Advogado de Adriano Nóbrega afirma que cliente morreu como 'queima de arquivo'

vemvercidade 09 Fev, 2020 13:36 - Atualizado em 09 Fev, 2020 13:40

Paulo Emílio Catta Preta, que atuava na defesa do ex-capitão do Bope Adriano Nóbrega, disse que vai pedir apuração rigorosa da operação na Bahia que terminou com a morte de seu cliente. As informações são do Extra, do Rio de Janeiro.

Nóbrega estava foragido há um ano e, segundo o advogado, telefonou para ele na última terça-feira. Catta Preta atua na defesa desde meados do ano passado e disse que nunca tinha tido contato direto com o cliente, apenas por meio de familiares. A ligação foi a primeira vez que os dois conversaram diretamente. O advogado disse que tentou convencer seu cliente a se entregar, mas Nóbrega refutou dizendo que seria assassinado e estava receoso.

— Ele me disse assim: 'doutor, ninguém está aqui para me prender. Eles querem me matar. Se me prenderem, vão matar na prisão. Tenho certeza que vão me matar por queima de arquivo'. Palavras dele — afirmou Catta Preta.

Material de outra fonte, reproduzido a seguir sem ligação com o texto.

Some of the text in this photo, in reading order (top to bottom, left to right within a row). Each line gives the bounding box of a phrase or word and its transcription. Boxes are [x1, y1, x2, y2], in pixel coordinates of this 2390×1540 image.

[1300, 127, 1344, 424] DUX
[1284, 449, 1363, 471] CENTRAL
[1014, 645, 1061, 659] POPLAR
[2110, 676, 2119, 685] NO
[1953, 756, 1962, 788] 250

Questionado sobre o motivo para queima de arquivo, o advogado disse que o cliente não mencionou.

— Eu o aconselhei a se apresentar, pois temia que algo pior acontecesse. Ele não me disse o porquê achava que iria morrer. Acho que ele já suspeitava que seria morto por queima de arquivo.

O advogado disse ainda que falou na manhã deste domingo com a mulher do militar, Júlia Mello, e ela negou que ele estivesse armado.

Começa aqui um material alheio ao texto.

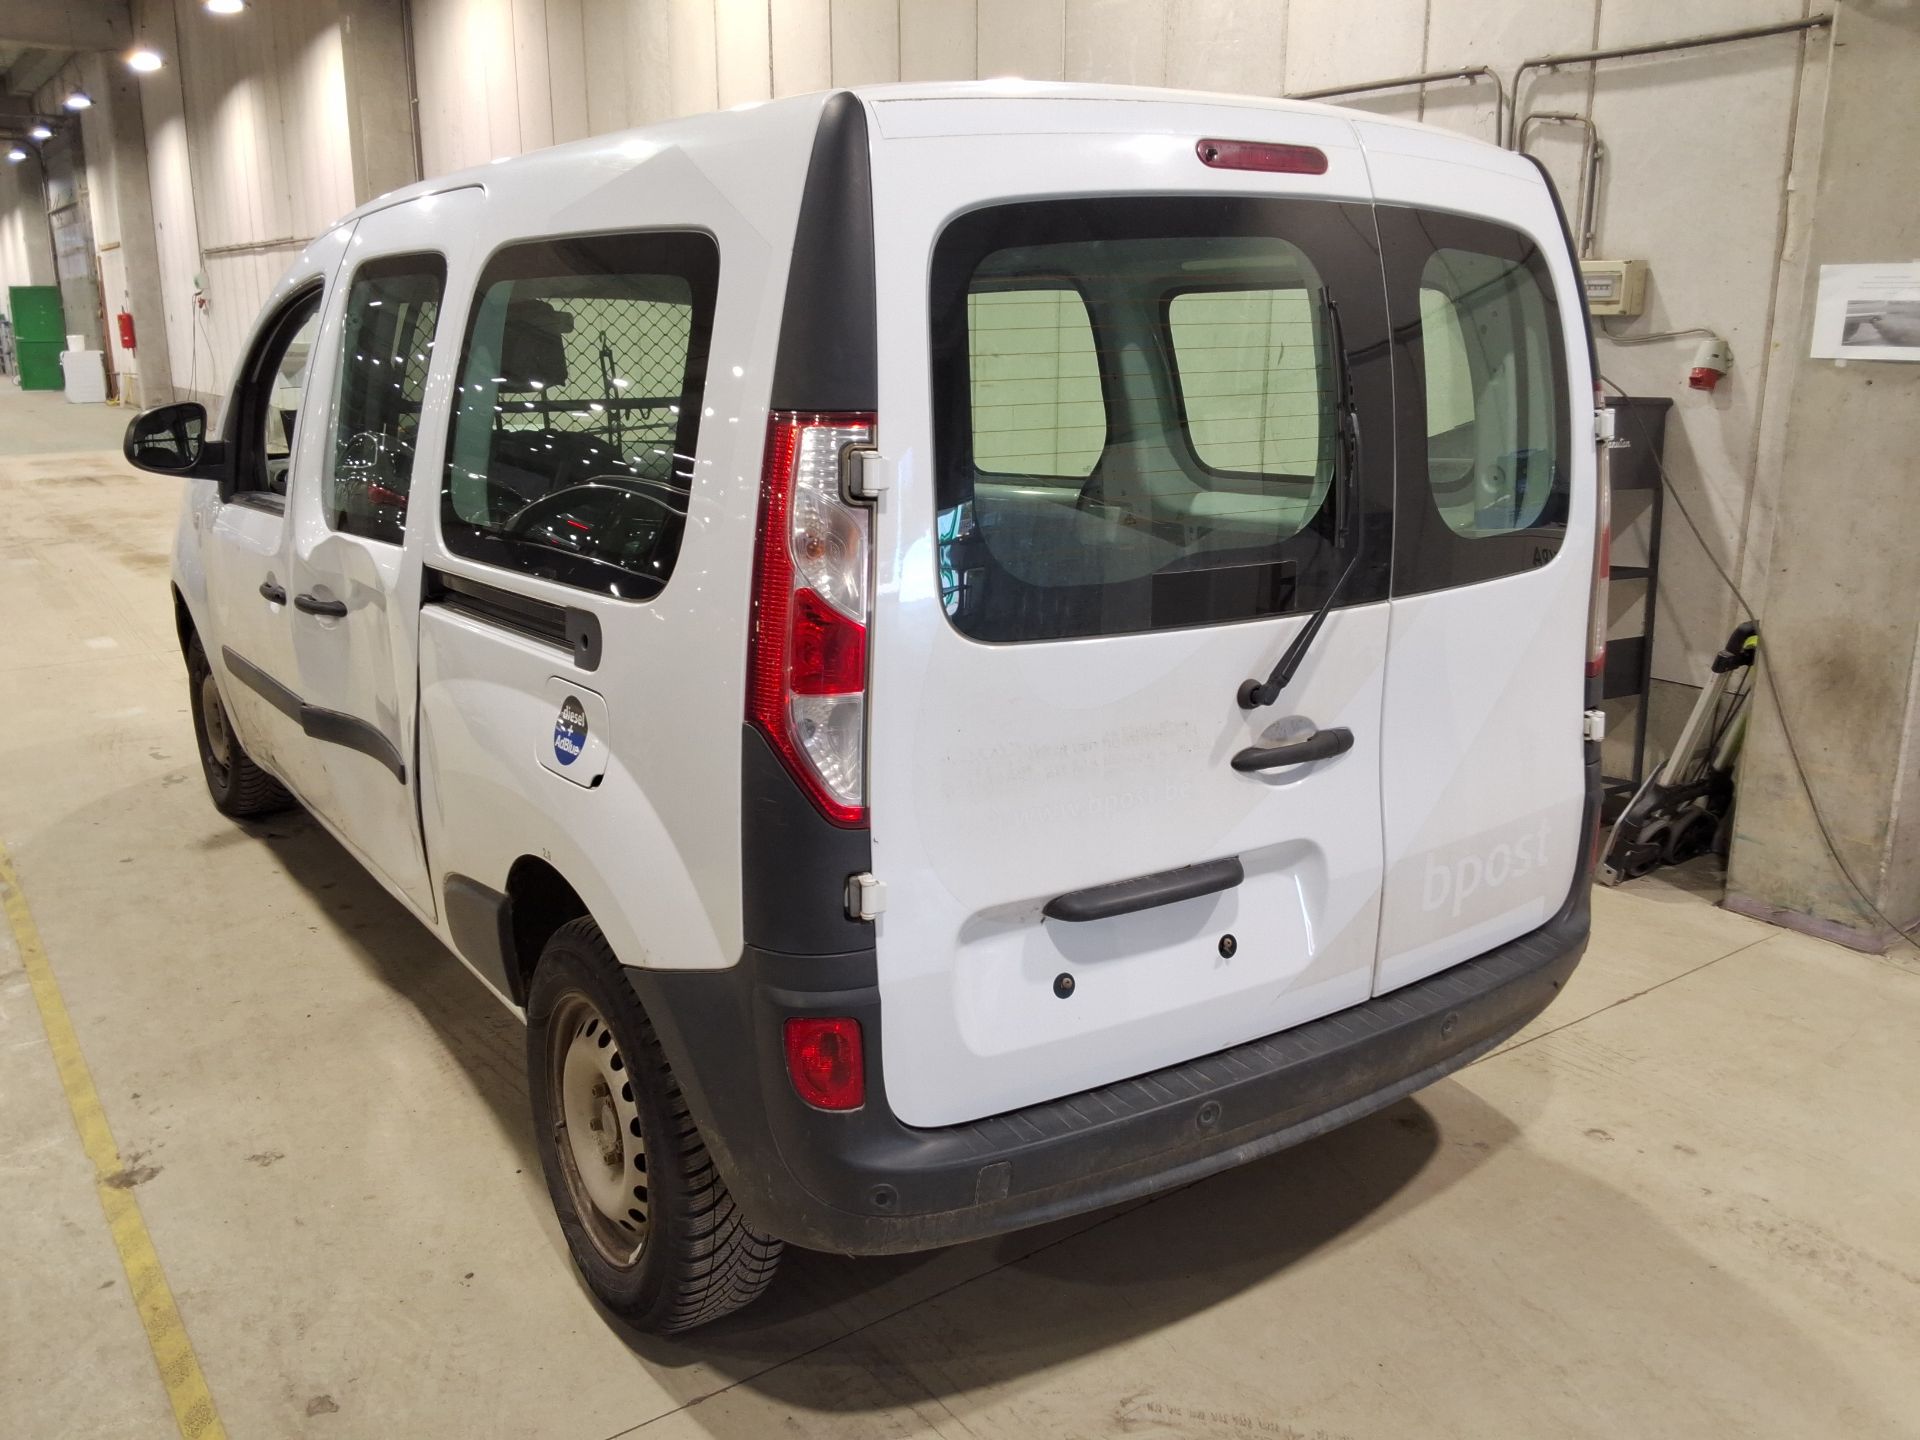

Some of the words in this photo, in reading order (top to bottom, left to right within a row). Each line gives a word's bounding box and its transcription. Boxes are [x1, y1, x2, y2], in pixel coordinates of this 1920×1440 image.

[562, 705, 586, 727] diesel
[554, 734, 581, 756] AdBlue
[1421, 816, 1553, 918] bpost

— Nem o pior criminoso merece ser sumariamente executado. Se ele era uma máquina de guerra, como dizem, por que ninguém saiu ferido nessa operação? — questiona o advogado, que afirma: — Então vamos pedir uma apuração rigorosada operação. Vai ser meu último ato de defesa.

Segundo a Secretaria de Segurança Pública da Bahia e a Polícia Civil do Rio, Nóbrega morreu na manhã deste domingo após trocar tiros com policiais durante uma operação para prendê-lo em Esplanada, cidade baiana.

As investigações sobre a ligação com Marielle e Flávio Bolsonaro

Nóbrega é ex-capitão do Bope e um dos criminosos mais procurados do Rio, e estava foragido desde a Operação Intocáveis, que prendeu vários membros da quadrilha no início do ano passado.

Ele era acusado de ser o chefe de um grupo criminoso formado por matadores de aluguel, que ficou conhecido como Escritório do Crime — investigado por suspeita de envolvimento nas mortes de Marielle Franco e Anderson Gomes.

A família dele também foi acusada pelo MP de participar de um suposto esquema de rachadinha no gabinete do então deputado estadual Flávio Bolsonaro, na Alerj. Segundo o pedido de busca e apreensão feito pelos promotores, ex-mulher e mãe de Nóbrega teriam transferido R$ 203 mil para Fabrício Queiroz, ex-assessor do filho do presidente.